Adrian Tans, Gallery Director at ArtisTree in Pomfret VT says "Resettlement is, and will remain . . .a complicated issue. But with the support of public opinion it is likely that more of these families who are caught up in the horrors of conflict . . . may find peace and consolation in welcoming neighbors." And so, with the help of Louros and Castleton University's Professor Emeritus of Art Bill Ramage, Tans has staged an exhibition of The Syrian Experience As Art, a collection of the works of a dozen contemporary Syrian artists, at the ArtisTree Gallery.

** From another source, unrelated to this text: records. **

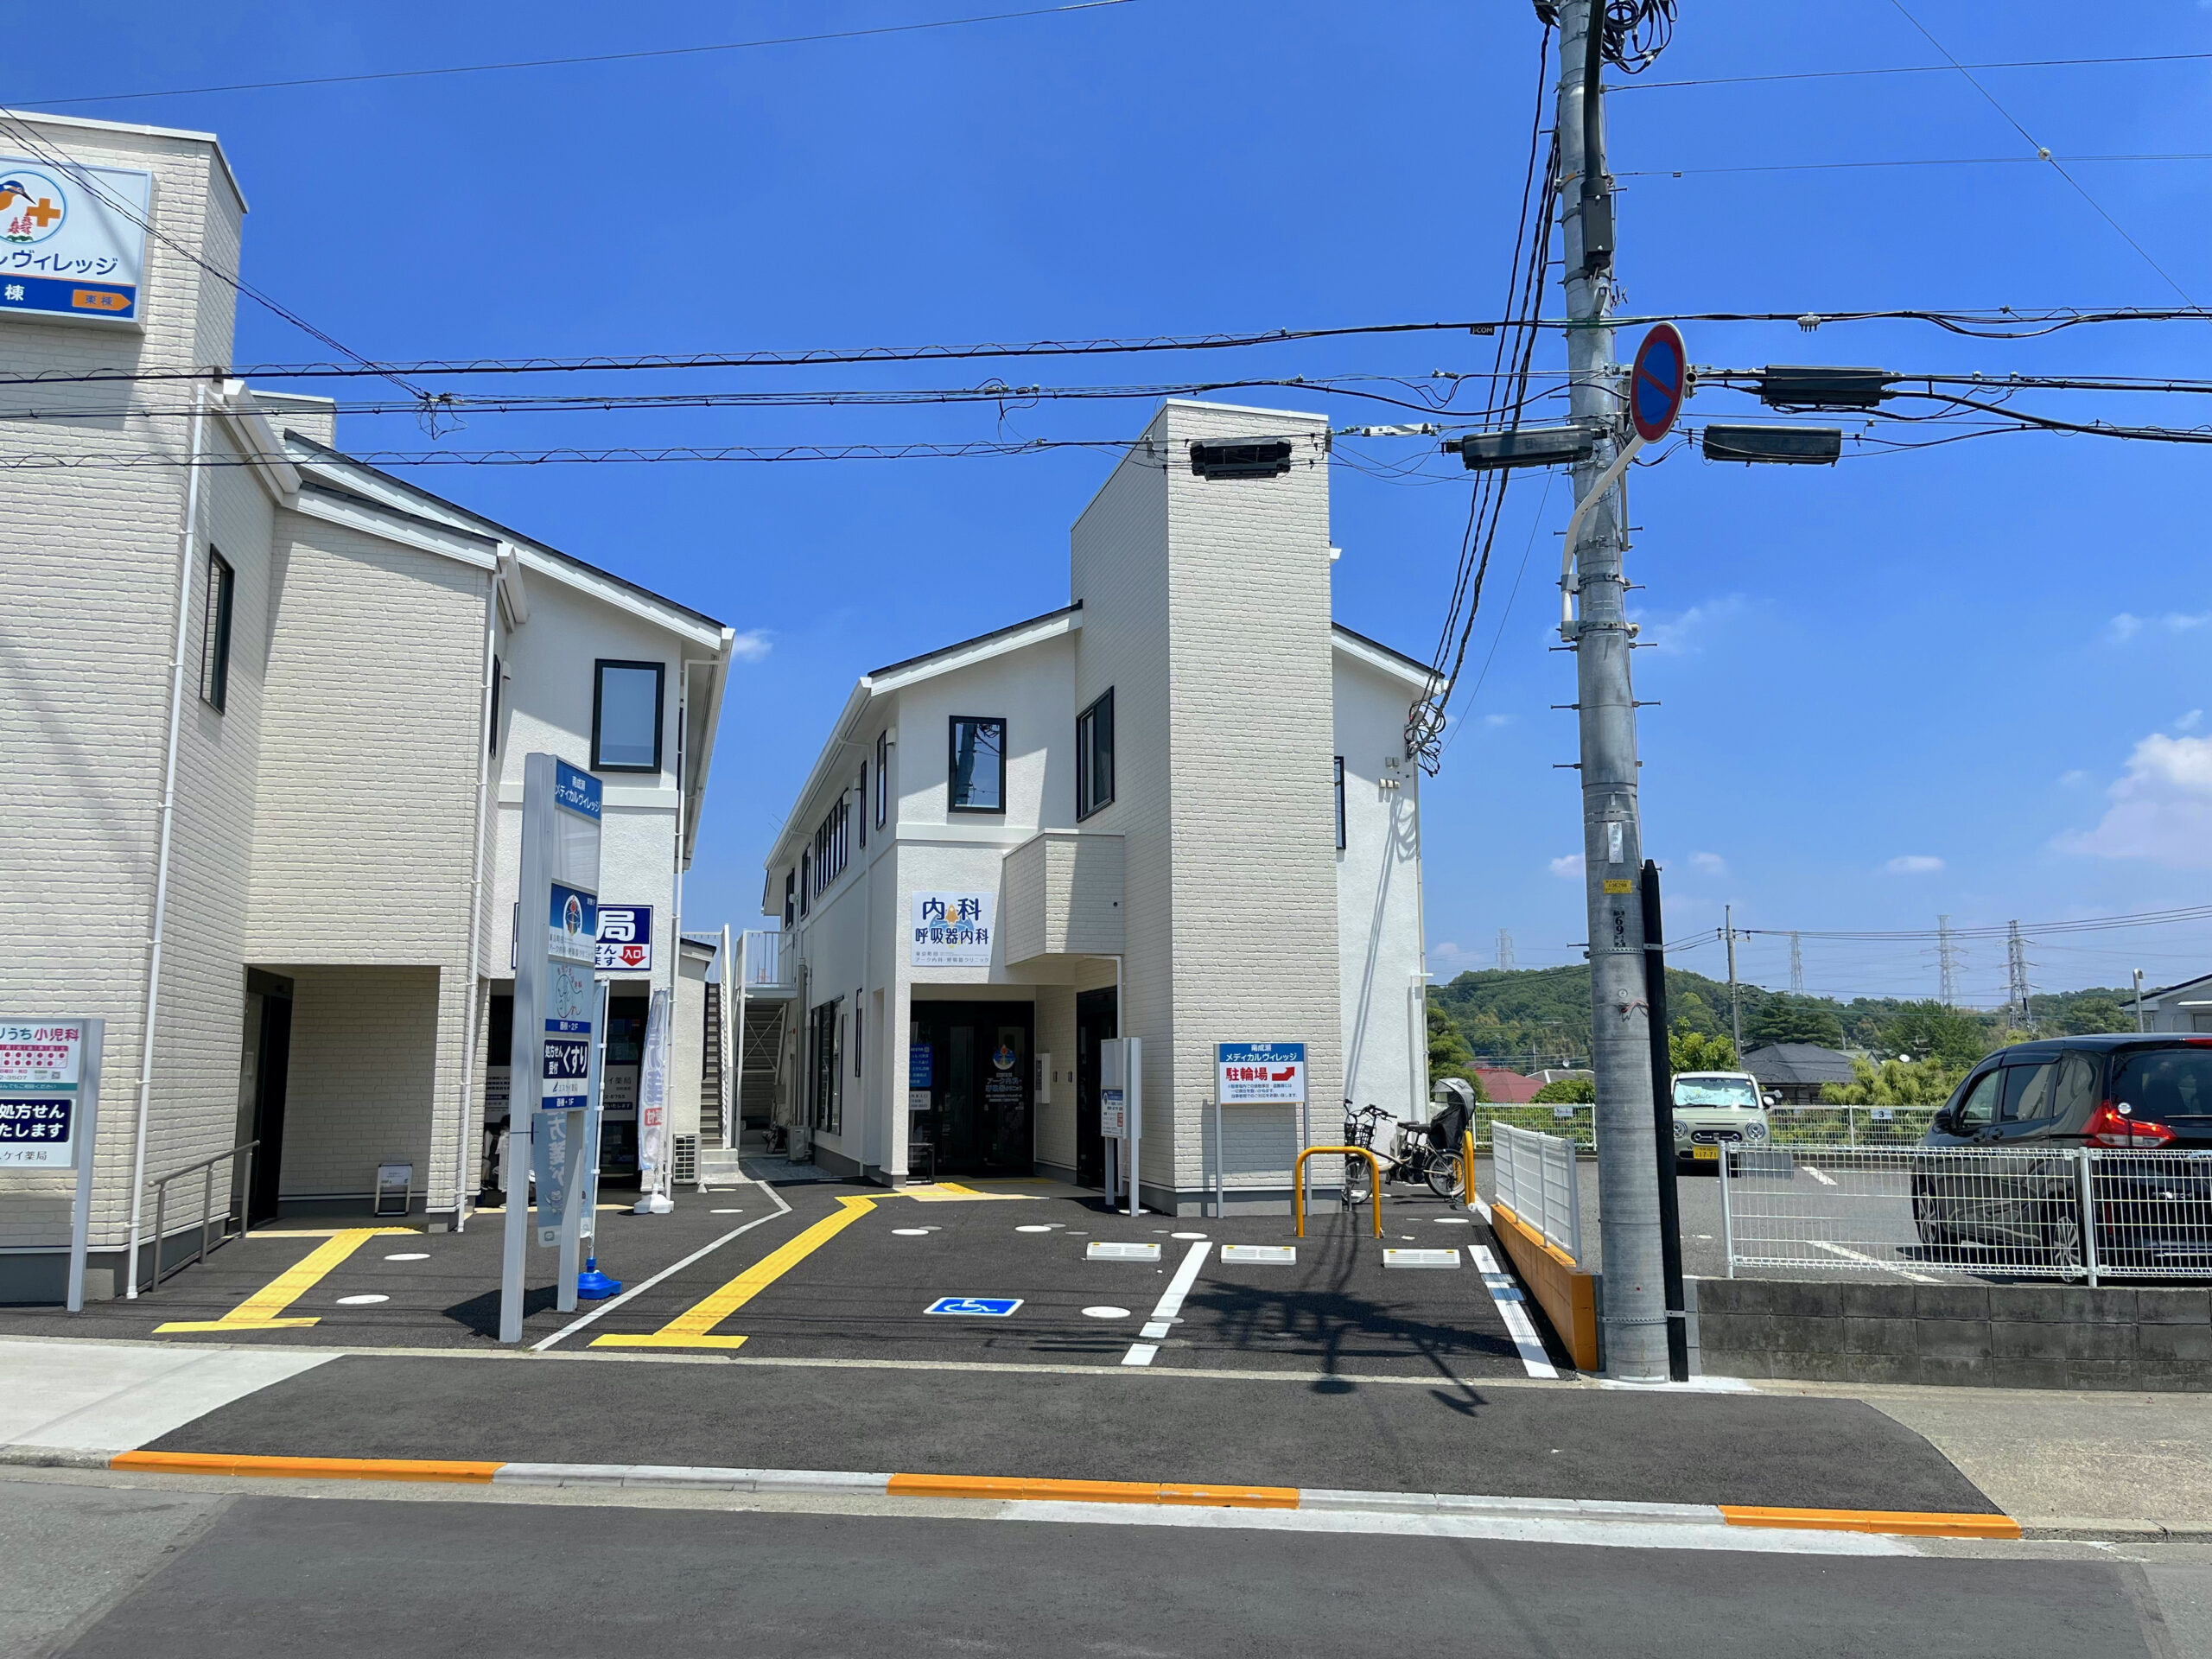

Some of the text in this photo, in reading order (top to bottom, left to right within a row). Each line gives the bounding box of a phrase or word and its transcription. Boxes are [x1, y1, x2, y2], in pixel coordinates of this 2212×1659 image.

[4, 283, 25, 302] 棟
[555, 784, 601, 813] メディカルヴィレッジ
[922, 897, 982, 921] 内科
[596, 910, 636, 942] 局
[915, 927, 989, 944] 呼吸器内科
[624, 949, 641, 959] 入口
[545, 1044, 563, 1058] 処方せん
[1225, 1052, 1297, 1062] メディカルヴィレッジ
[563, 1045, 588, 1074] くすり
[549, 1061, 559, 1075] 受付
[1225, 1066, 1268, 1081] 駐輪場
[0, 1104, 66, 1120] 処方せん
[0, 1151, 48, 1161] ケイ薬局

From the Cultural Beheading series by architects Humam Alsalim and Rami Bakhos
The exhibition is small and spare and varied, and at an odd hour on a Friday afternoon, empty, the better to meditate without having to peer around the backs of heads. The featured photo and the one above shows the work of two young architects (Humam Alsalim and Rami Bakhos) who have collaborated on a series called Cultural Beheading that depicts the destruction of historic buildings around Palmyra. They propose the interconnections between people and their culturally significant architecture, and ponder what the role of architects may be in dealing with such mass destruction and the restoration of cultural identity.
no privacy by Julie Nakazi
Not all of Syrian art nor its artists are devoted solely to depicting the war. Like artists everywhere, they address other themes of the day. Julie Nakazi is interested in how technology affects our lives. Her no privacy plays with the iconic Gustave Klimt painting. Saying that her creativity lives in her own, highly portable, mind, she concludes "so it doesn't matter if I were in Damascus or Finland for example," but goes on to say "although 24 hours of electricity sounds tempting . . ."

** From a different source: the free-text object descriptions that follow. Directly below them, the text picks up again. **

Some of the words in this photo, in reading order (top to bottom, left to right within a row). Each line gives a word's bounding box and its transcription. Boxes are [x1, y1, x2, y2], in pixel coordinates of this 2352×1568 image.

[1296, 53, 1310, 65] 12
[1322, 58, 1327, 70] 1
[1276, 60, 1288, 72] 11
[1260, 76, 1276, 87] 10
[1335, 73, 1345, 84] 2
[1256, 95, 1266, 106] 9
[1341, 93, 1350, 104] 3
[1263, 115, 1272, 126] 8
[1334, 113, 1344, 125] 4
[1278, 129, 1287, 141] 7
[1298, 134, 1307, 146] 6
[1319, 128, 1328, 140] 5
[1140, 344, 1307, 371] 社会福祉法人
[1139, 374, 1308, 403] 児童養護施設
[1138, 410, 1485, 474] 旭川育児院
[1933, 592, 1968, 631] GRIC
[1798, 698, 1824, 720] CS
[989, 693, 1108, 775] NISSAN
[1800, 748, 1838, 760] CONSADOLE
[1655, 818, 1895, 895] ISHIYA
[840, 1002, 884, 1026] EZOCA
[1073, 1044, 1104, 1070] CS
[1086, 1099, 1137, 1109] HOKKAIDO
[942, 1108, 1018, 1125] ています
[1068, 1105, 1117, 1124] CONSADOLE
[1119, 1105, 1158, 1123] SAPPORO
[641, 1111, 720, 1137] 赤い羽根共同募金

Barcelona by Khalid Youssef
Khaled Youssef is a Syrian physician and photographer who loves bubbles. He lives in Nice and travels the world, capturing various landscapes through their prism. Several of these works are included in this exhibition, including a photograph of one of my favorite cities, Barcelona. Youssef has established several not-for-profit organizations for Syrian art and was instrumental in pulling together the artists featured in this exhibition.

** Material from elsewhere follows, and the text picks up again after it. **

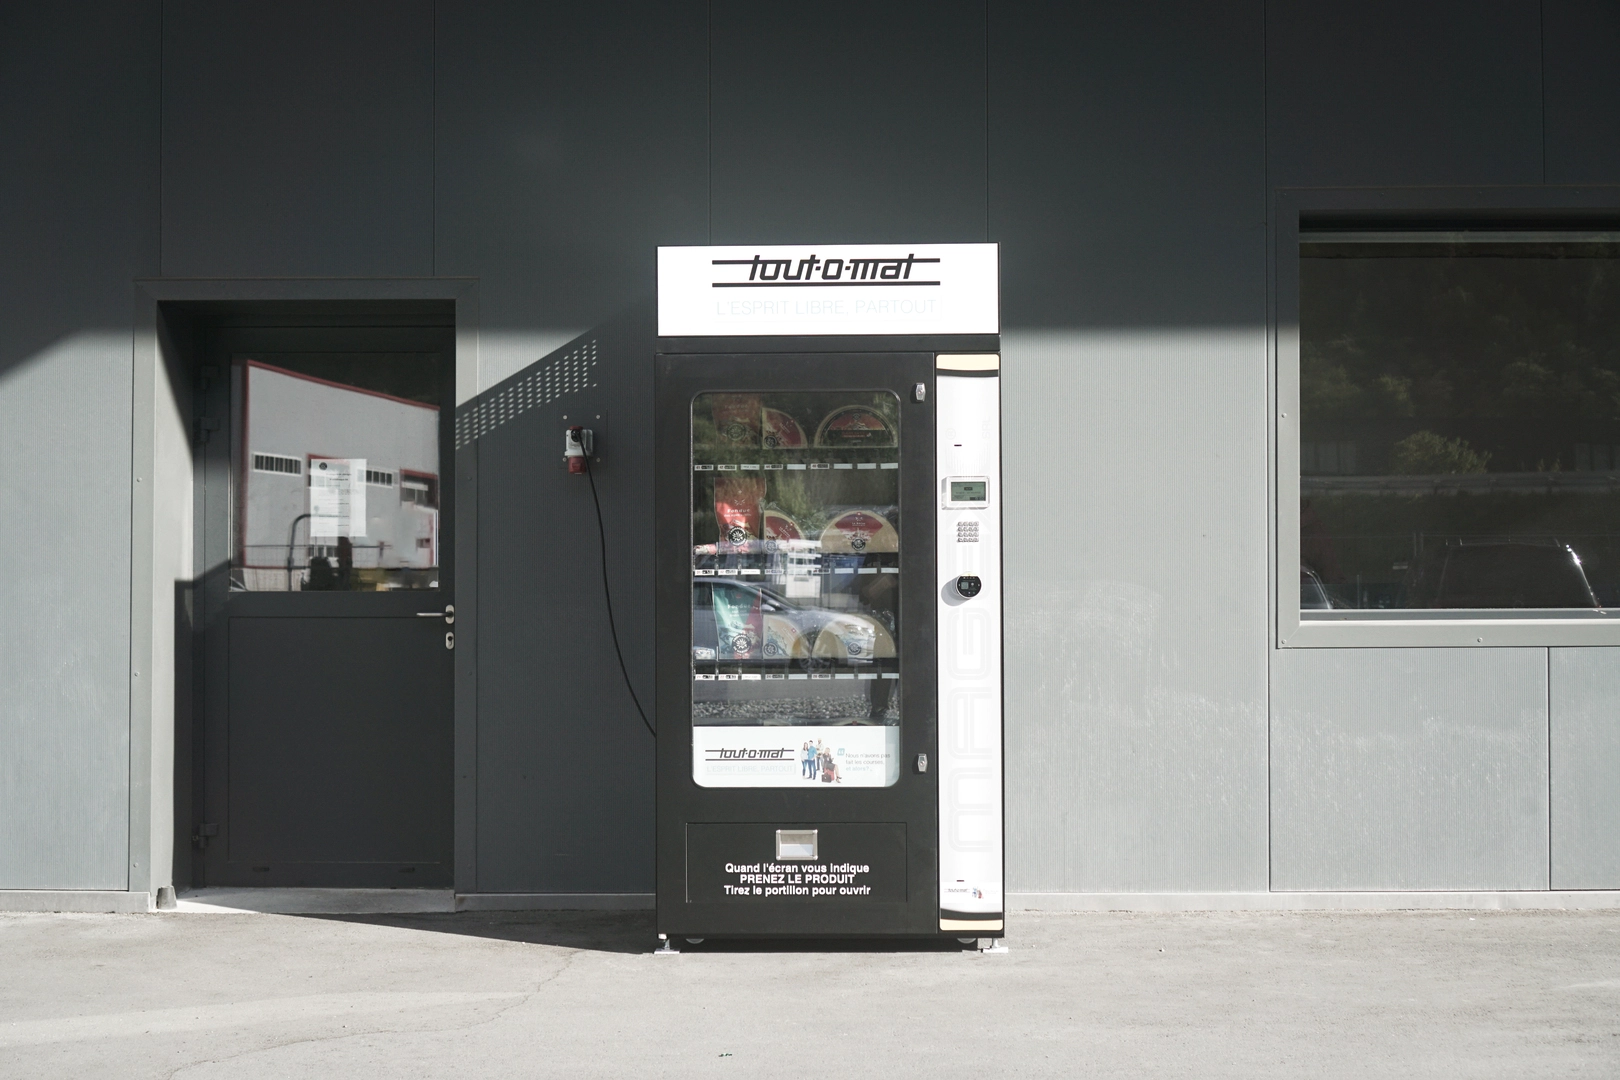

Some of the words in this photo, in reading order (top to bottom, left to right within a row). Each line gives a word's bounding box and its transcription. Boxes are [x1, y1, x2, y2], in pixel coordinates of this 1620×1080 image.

Omar Shammah, a professional graphic designer from Damascus, now lives in Germany. From the outbreak of war in Syria until 2016, he spent his life watching his home and neighborhood destroyed. He draws, and superimposes photographs over his pieces. Left Behind may be capturing the memories of places now gone for the refugee couple depicted here, or it may be a drawing of those who remain because they are not able to leave.
Omar Shammah's Left Behind
The program brochure (which is excellent) describes some of the difficulties in staging this exhibition. Tans says "Although many of these original works were executed digitally, there were several that were not, and those that weren't had terrific difficulty being shipped from their region of origin." Packages were unable to be delivered to the United States. All of the works, then, had to be sent in digital form from which high-quality prints were made.
The Syrian Experience As Art will be showing at ArtisTree until June 24. The Gallery is located at 2095 Pomfret Rd, South Pomfret VT. For more information about the resettlement of refugees in Vermont, click here for Rutland Welcomes' website.
Interested in checking out the Upper Valley Arts Alliance's new webpage? Click here.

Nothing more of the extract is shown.